━━ The records ━━

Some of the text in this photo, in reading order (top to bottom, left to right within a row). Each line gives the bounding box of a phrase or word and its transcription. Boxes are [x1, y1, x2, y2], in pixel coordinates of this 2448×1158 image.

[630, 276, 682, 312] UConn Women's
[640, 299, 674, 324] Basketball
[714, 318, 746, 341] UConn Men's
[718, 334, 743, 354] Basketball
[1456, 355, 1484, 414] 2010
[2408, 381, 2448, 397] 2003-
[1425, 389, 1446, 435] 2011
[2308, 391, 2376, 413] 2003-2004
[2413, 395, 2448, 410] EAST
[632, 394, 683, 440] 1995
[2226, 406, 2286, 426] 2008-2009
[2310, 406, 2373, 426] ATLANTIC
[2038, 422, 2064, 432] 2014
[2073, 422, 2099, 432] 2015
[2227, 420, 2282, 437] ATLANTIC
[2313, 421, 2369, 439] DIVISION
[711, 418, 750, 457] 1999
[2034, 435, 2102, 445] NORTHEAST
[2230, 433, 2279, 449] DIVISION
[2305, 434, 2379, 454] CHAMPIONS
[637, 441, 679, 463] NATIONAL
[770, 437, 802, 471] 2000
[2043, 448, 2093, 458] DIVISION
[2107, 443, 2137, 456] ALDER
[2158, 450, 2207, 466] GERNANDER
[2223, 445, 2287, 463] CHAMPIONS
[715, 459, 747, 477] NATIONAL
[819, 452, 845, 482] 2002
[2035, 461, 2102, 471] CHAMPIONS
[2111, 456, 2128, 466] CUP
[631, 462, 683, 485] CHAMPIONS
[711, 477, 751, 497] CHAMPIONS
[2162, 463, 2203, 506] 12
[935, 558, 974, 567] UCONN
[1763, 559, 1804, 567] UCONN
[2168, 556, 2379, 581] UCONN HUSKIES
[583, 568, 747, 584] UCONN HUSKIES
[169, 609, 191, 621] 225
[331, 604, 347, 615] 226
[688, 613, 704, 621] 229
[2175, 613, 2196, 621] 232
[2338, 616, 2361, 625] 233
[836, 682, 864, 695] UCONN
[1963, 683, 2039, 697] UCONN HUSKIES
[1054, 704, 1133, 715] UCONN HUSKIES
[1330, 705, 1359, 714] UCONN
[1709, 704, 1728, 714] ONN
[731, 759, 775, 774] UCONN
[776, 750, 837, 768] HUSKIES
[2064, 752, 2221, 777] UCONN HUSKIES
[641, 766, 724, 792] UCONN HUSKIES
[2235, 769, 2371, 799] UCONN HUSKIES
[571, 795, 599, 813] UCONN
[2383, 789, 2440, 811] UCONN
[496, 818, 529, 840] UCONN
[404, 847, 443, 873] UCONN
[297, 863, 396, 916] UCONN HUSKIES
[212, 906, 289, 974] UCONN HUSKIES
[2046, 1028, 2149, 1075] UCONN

━━━

--- Task statement ---
Can you restate every record above word for word?

--- The completed task ---
Some of the text in this photo, in reading order (top to bottom, left to right within a row). Each line gives the bounding box of a phrase or word and its transcription. Boxes are [x1, y1, x2, y2], in pixel coordinates of this 2448×1158 image.

[630, 276, 682, 312] UConn Women's
[640, 299, 674, 324] Basketball
[714, 318, 746, 341] UConn Men's
[718, 334, 743, 354] Basketball
[1456, 355, 1484, 414] 2010
[2408, 381, 2448, 397] 2003-
[1425, 389, 1446, 435] 2011
[2308, 391, 2376, 413] 2003-2004
[2413, 395, 2448, 410] EAST
[632, 394, 683, 440] 1995
[2226, 406, 2286, 426] 2008-2009
[2310, 406, 2373, 426] ATLANTIC
[2038, 422, 2064, 432] 2014
[2073, 422, 2099, 432] 2015
[2227, 420, 2282, 437] ATLANTIC
[2313, 421, 2369, 439] DIVISION
[711, 418, 750, 457] 1999
[2034, 435, 2102, 445] NORTHEAST
[2230, 433, 2279, 449] DIVISION
[2305, 434, 2379, 454] CHAMPIONS
[637, 441, 679, 463] NATIONAL
[770, 437, 802, 471] 2000
[2043, 448, 2093, 458] DIVISION
[2107, 443, 2137, 456] ALDER
[2158, 450, 2207, 466] GERNANDER
[2223, 445, 2287, 463] CHAMPIONS
[715, 459, 747, 477] NATIONAL
[819, 452, 845, 482] 2002
[2035, 461, 2102, 471] CHAMPIONS
[2111, 456, 2128, 466] CUP
[631, 462, 683, 485] CHAMPIONS
[711, 477, 751, 497] CHAMPIONS
[2162, 463, 2203, 506] 12
[935, 558, 974, 567] UCONN
[1763, 559, 1804, 567] UCONN
[2168, 556, 2379, 581] UCONN HUSKIES
[583, 568, 747, 584] UCONN HUSKIES
[169, 609, 191, 621] 225
[331, 604, 347, 615] 226
[688, 613, 704, 621] 229
[2175, 613, 2196, 621] 232
[2338, 616, 2361, 625] 233
[836, 682, 864, 695] UCONN
[1963, 683, 2039, 697] UCONN HUSKIES
[1054, 704, 1133, 715] UCONN HUSKIES
[1330, 705, 1359, 714] UCONN
[1709, 704, 1728, 714] ONN
[731, 759, 775, 774] UCONN
[776, 750, 837, 768] HUSKIES
[2064, 752, 2221, 777] UCONN HUSKIES
[641, 766, 724, 792] UCONN HUSKIES
[2235, 769, 2371, 799] UCONN HUSKIES
[571, 795, 599, 813] UCONN
[2383, 789, 2440, 811] UCONN
[496, 818, 529, 840] UCONN
[404, 847, 443, 873] UCONN
[297, 863, 396, 916] UCONN HUSKIES
[212, 906, 289, 974] UCONN HUSKIES
[2046, 1028, 2149, 1075] UCONN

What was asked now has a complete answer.